- Genre: Reality television
- Created by: Brody Jenner; Brandon Jenner; Brant Pinvidic; Spencer Pratt;
- Starring: Brody Jenner; Brandon Jenner; Linda Thompson; David Foster;
- Opening theme: "Free Ride"
- Country of origin: United States
- Original language: English
- No. of seasons: 1
- No. of episodes: 6

Production
- Executive producers: Gary R. Benz; Brant Pinvidic; Spencer Pratt;
- Production locations: Malibu, California
- Running time: 22 minutes
- Production company: GRB Entertainment

Original release
- Network: Fox
- Release: July 10 – August 21, 2005

= The Princes of Malibu =

The Princes of Malibu is an American reality television series which premiered on Fox on July 10, 2005. There were six episodes broadcast; the first two aired on Fox, and the remaining four aired on Fox Reality Channel. It starred Brody Jenner and Brandon Jenner.

==Synopsis==
The series followed Brandon and Brody Jenner, the adult sons of Olympic champion Caitlyn Jenner and former Miss Tennessee USA Linda Thompson. On permanent vacation, the brothers lived with Linda and her husband, David Foster, in Foster's Malibu estate. Linda spoiled the boys, treated them as though they could do no wrong, while Foster wanted the "freeloaders" to get jobs and straighten their lives out. With their friend Spencer Pratt, the boys got themselves into various hijinks.

==Episodes==
1. Episode One (July 10, 2005)
2. Episode Two (July 17, 2005)
3. Episode Three (July 24, 2005)
4. Episode Four (July 31, 2005)
5. Episode Five (August 7, 2005)
6. Episode Six (August 21, 2005)

==Production==
The future of the series was thrown into doubt on July 11, 2005, when Thompson filed for divorce from Foster the day after the show premiered. Fox canceled the series after airing only two episodes. The remaining episodes were aired on Fox Reality Channel. It has since been featured on Channel V Australia, Living2 in the UK, and MuchMoreMusic in Canada. The Princes of Malibu: The Complete Series was released on DVD on July 29, 2008.

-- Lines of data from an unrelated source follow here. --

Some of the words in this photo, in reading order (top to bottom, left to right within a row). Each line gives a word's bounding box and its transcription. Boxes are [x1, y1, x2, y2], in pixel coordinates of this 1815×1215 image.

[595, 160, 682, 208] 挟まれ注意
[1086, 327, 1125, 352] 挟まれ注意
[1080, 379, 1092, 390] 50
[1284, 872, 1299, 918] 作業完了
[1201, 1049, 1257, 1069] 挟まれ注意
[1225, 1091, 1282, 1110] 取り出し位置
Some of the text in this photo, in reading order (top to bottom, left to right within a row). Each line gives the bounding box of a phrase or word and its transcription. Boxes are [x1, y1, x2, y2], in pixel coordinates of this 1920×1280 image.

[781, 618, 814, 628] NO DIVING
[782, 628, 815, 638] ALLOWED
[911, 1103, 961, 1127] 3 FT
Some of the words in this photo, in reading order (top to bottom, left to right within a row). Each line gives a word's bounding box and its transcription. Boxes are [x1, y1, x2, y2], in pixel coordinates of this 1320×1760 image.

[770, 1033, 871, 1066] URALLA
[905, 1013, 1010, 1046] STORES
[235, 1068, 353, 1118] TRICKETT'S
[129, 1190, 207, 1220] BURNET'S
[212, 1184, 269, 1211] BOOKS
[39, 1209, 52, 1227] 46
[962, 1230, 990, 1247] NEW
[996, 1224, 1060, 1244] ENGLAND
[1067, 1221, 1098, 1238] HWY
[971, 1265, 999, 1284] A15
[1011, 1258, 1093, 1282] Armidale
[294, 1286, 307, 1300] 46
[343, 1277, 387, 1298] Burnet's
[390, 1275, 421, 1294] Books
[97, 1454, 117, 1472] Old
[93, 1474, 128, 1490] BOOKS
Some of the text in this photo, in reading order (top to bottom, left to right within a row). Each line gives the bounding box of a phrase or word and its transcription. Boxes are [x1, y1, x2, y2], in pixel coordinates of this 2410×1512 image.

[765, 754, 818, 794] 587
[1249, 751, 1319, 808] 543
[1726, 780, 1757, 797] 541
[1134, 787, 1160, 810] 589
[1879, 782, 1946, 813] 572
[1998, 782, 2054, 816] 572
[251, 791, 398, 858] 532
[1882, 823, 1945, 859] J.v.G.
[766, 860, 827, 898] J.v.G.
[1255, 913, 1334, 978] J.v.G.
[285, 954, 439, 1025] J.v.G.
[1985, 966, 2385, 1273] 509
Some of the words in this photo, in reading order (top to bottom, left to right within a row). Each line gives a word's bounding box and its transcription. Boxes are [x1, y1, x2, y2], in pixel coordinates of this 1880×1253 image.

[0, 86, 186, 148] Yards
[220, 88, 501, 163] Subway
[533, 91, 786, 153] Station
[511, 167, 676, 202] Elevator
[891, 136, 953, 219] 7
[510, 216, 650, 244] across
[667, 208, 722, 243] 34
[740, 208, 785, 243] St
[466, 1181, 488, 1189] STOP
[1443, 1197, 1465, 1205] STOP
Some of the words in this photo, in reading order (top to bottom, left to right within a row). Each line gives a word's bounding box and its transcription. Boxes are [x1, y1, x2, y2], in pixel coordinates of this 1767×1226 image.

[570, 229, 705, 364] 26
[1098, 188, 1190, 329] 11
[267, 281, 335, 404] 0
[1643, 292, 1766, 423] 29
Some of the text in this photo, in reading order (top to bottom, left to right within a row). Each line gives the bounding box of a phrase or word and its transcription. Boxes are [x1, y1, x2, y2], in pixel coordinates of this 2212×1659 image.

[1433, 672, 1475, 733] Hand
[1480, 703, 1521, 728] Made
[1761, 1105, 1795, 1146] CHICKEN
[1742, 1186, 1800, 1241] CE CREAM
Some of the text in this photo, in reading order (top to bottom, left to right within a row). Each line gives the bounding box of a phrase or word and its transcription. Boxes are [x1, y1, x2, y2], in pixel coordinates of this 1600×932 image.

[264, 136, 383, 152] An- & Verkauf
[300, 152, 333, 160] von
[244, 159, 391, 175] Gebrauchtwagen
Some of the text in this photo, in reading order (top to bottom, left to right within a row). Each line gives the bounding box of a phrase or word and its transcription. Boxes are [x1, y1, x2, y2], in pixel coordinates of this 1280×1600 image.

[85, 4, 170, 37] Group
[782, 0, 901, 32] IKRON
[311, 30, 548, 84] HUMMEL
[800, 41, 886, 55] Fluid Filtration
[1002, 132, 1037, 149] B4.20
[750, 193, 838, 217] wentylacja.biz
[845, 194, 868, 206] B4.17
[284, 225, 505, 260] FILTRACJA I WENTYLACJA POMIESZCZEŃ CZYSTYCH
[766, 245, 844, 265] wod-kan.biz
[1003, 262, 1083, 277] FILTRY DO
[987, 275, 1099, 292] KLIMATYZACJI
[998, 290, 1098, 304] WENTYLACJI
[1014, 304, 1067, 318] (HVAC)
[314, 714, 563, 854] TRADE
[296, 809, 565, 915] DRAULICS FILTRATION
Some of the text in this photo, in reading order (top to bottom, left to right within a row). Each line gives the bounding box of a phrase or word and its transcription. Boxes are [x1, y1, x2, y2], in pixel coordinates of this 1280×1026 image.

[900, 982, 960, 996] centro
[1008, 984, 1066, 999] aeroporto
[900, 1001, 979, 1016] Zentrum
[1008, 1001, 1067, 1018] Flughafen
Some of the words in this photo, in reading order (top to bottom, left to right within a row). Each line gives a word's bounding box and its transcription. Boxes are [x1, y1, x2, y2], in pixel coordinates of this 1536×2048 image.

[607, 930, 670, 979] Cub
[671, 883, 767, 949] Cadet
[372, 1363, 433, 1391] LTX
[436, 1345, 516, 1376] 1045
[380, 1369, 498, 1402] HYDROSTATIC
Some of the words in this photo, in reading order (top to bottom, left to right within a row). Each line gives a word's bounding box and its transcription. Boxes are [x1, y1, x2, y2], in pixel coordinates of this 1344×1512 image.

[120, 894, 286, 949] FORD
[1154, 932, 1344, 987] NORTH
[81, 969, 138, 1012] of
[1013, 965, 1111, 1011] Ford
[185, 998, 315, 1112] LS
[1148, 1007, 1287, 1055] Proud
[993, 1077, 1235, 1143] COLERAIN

On December 20, 2016, GRB Entertainment made the show available for streaming on YouTube.

Brody Jenner and Pratt became regulars on MTV's The Hills. In 2009, Jenner starred in his own reality show, Bromance. Brody and Brandon occasionally appeared on their once-stepmother Kris Jenner's reality show, Keeping Up with the Kardashians.